T.I.M.E to Grieve: The Problem of Guilt While Grieving
Welcome to my weekly update called T.I.M.E. to Grieve.
Each week, I pick a theme, share an idea on that theme, reflect on the deeper meaning, and give an exercise to help put it into practice. I trust you find it helpful for yourself or for a grieving person you are walking beside.
THEME
Grief mixed with guilt serves up a complicated shoulda-coulda outcome but doesn’t have to be the end of the story.
IDEA
Guilt is perhaps the most painful companion to death. — Elisabeth Kubler-Ross
Guilt often lingers in the illusion that we could’ve changed the outcome — that if we had only done one more thing, it would have made a difference. — David Kessler
Releasing guilt means showing yourself compassion and accepting that you’re only human. It’s okay to let go of the what-ifs. — David Kessler
MEANING
In the mix of emotional reactions to loss, guilt can raise it’s ugly head and wreck havic while you grieve. It’s a heavy emotion and shows up with the tendency to replay the past with thoughts like, “I could have done more” or “Why them and not me?” or “How did I not see this coming?”
Guilt can sound very noble and loving because it comes from a place of wanting to have saved the person or changed the outcome of what happened.
The problem with guilt is that it traps us and turns our grief into self-judgment and blame.

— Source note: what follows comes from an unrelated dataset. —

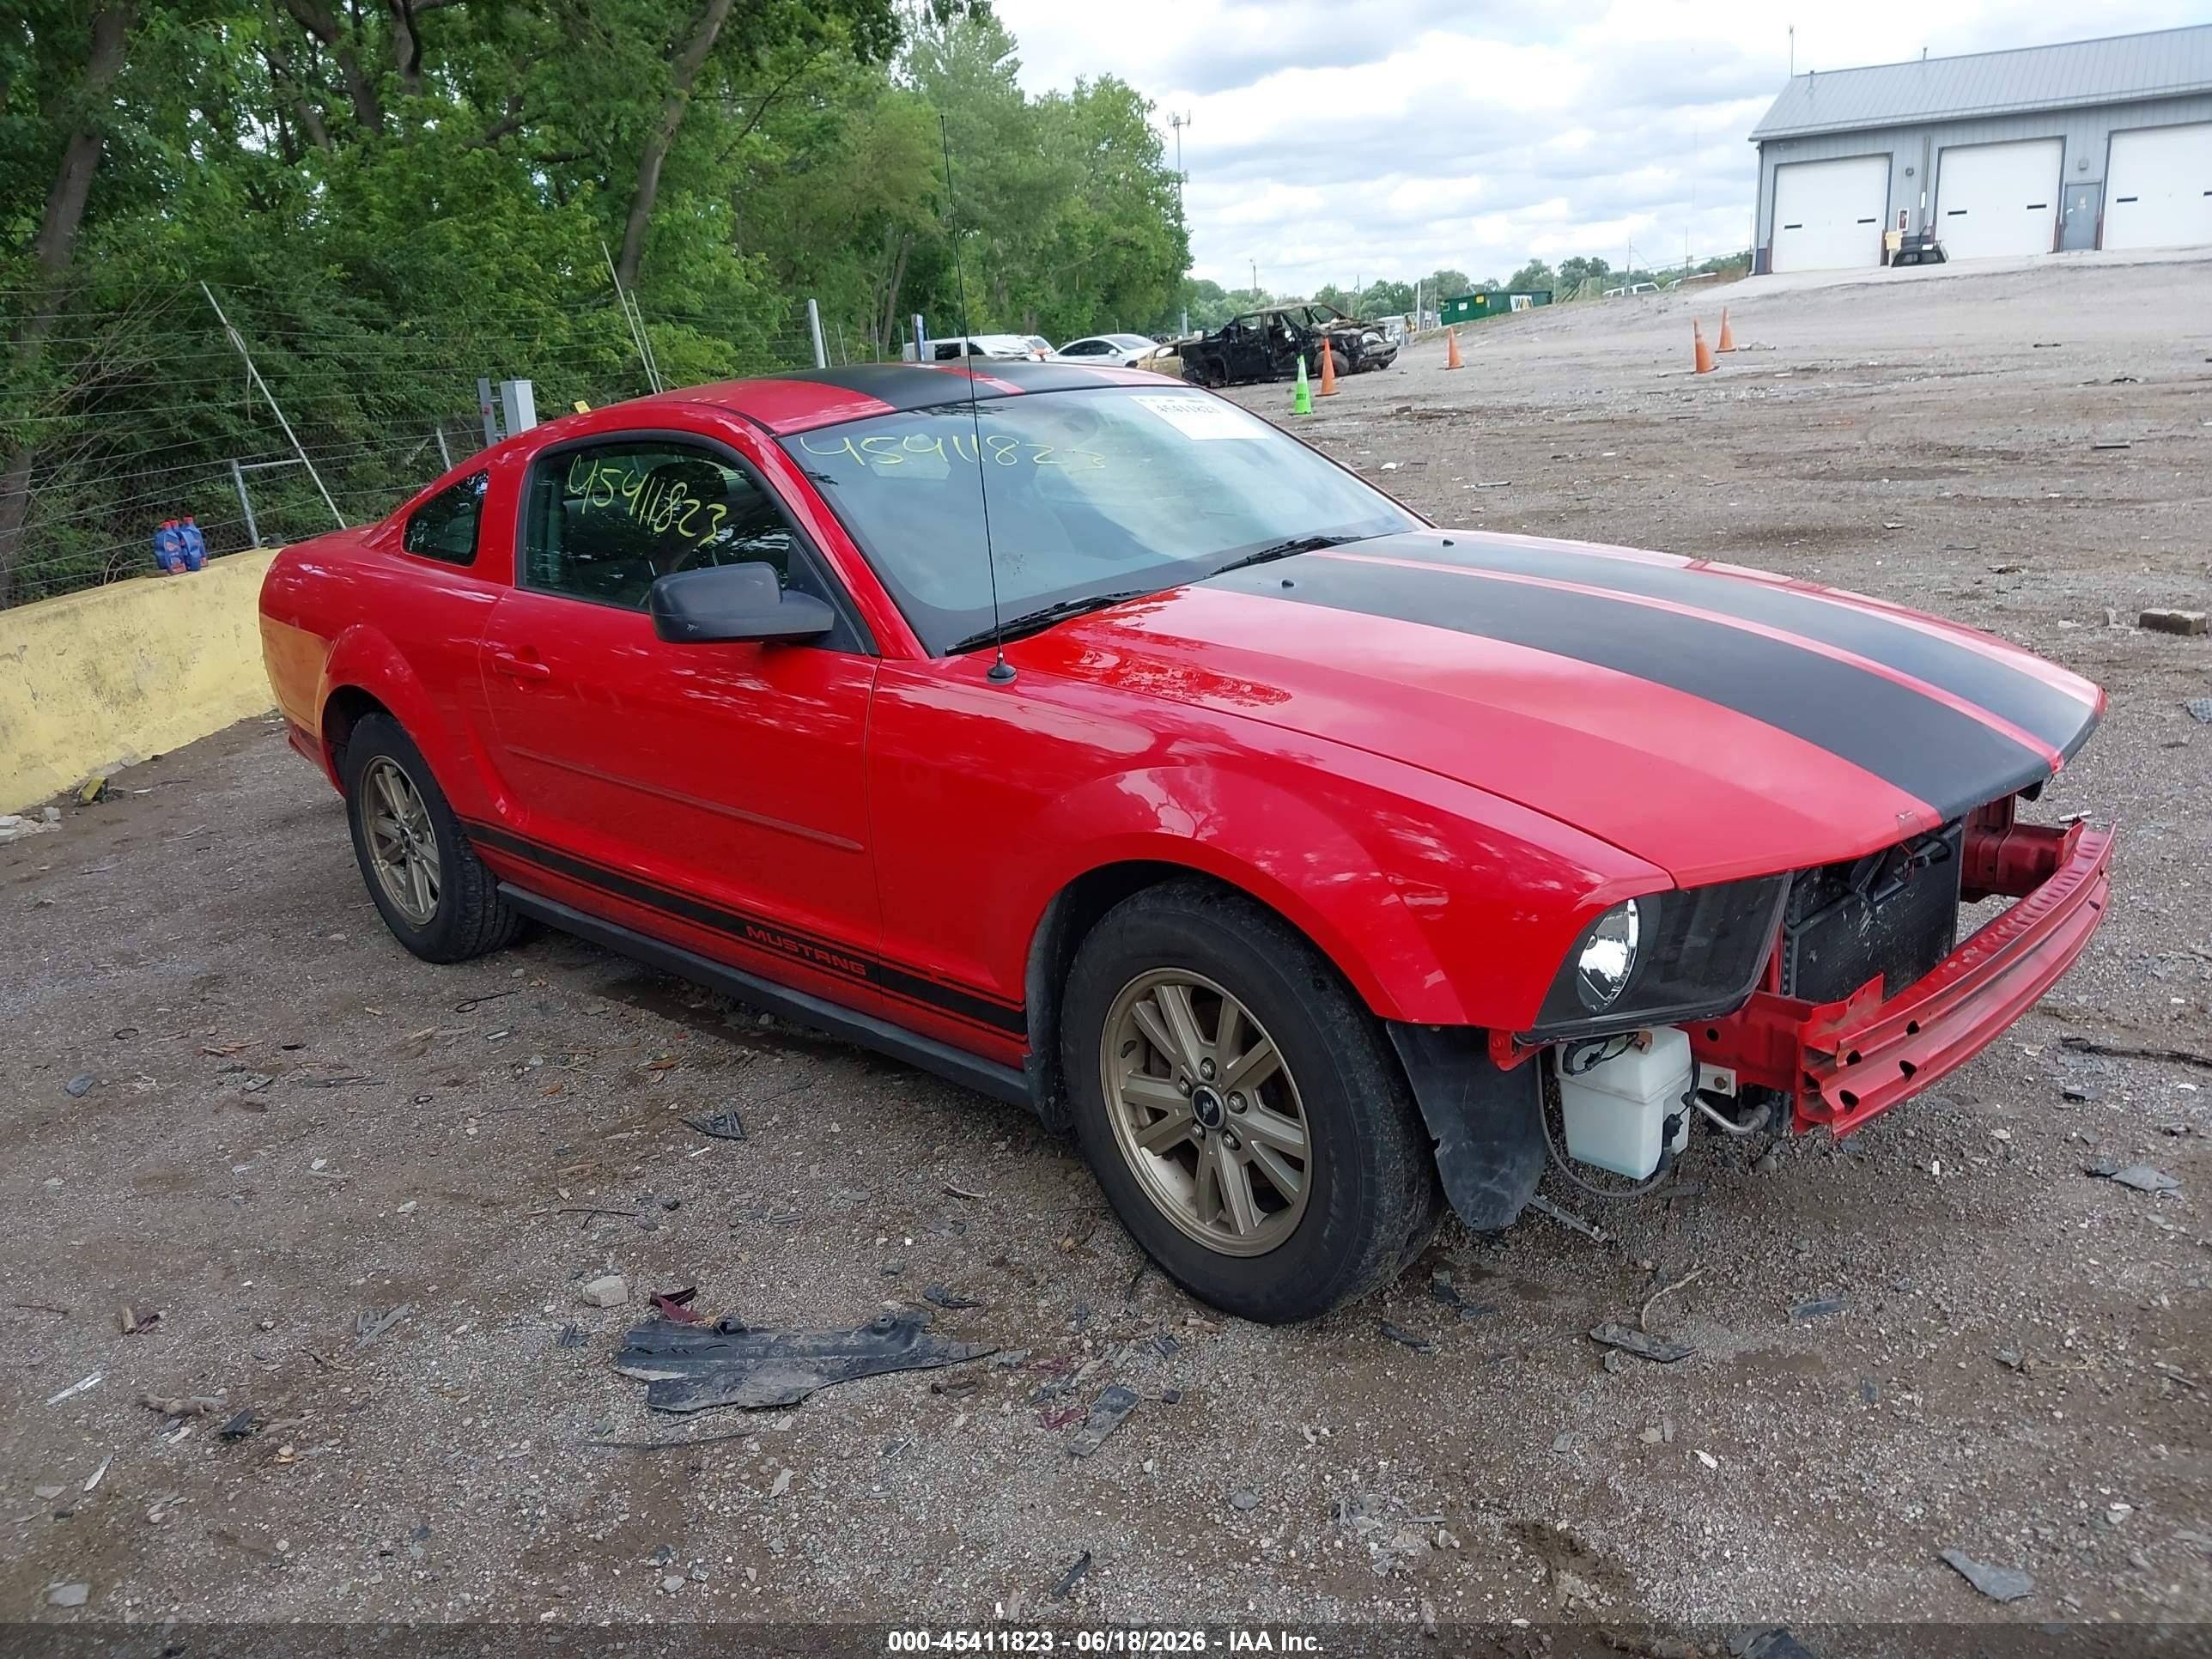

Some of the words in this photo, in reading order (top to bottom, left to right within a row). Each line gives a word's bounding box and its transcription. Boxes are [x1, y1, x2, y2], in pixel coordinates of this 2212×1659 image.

[800, 434, 1106, 473] 45411823
[568, 453, 727, 547] 45411823
[745, 925, 866, 976] MUSTANG

When we let guilt dominate our thoughts and feelings while grieving we replay the past and have what’s called a hindsight bias. We become convinced we should have known better, done more, or seen the signs earlier.
The truth is, hindsight is always 20/20 and perfect clarity never happens when we’re in the middle of living our lives. We did the best we could with what we knew at the time.
How do we move forward and away from guilt’s grip? Let me share some ideas that I have found helpful in my own struggle with guilt.
You move forward when you…
Validate your feelings of guilt. It’s natural and not wrong to feel this way. Let yourself feel without shame.
Challenge the if onlys that are bombarding you. Sure you could have acted differently if you knew then what you know now, but you did the best you could with what you knew at the time.
Seek out connection. Find empathetic friends and witnesses who will listen to your story and the struggle you are having with guilt. Receive their support and get your story out.
Offer forgiveness to yourself. Guilt grows when you allow blame and self-judgment to take root. Have compassion on yourself and in time, the roots of guilt and bitterness will let go.
Hold on to the positive memories you had with the person you lost. Slowly the negative thoughts due to neglect lessen their grip.
Grief and guilt may never completely disappear but over time, guilt can soften into understanding and you have the chance to gain a new perspective. “Releasing guilt means showing yourself compassion and accepting that you’re only human” (David Kessler).
EXERCISE
Where have you seen guilt show up in your experiences of loss and grief?
What is one way you can reduce the grip guilt may have on your life?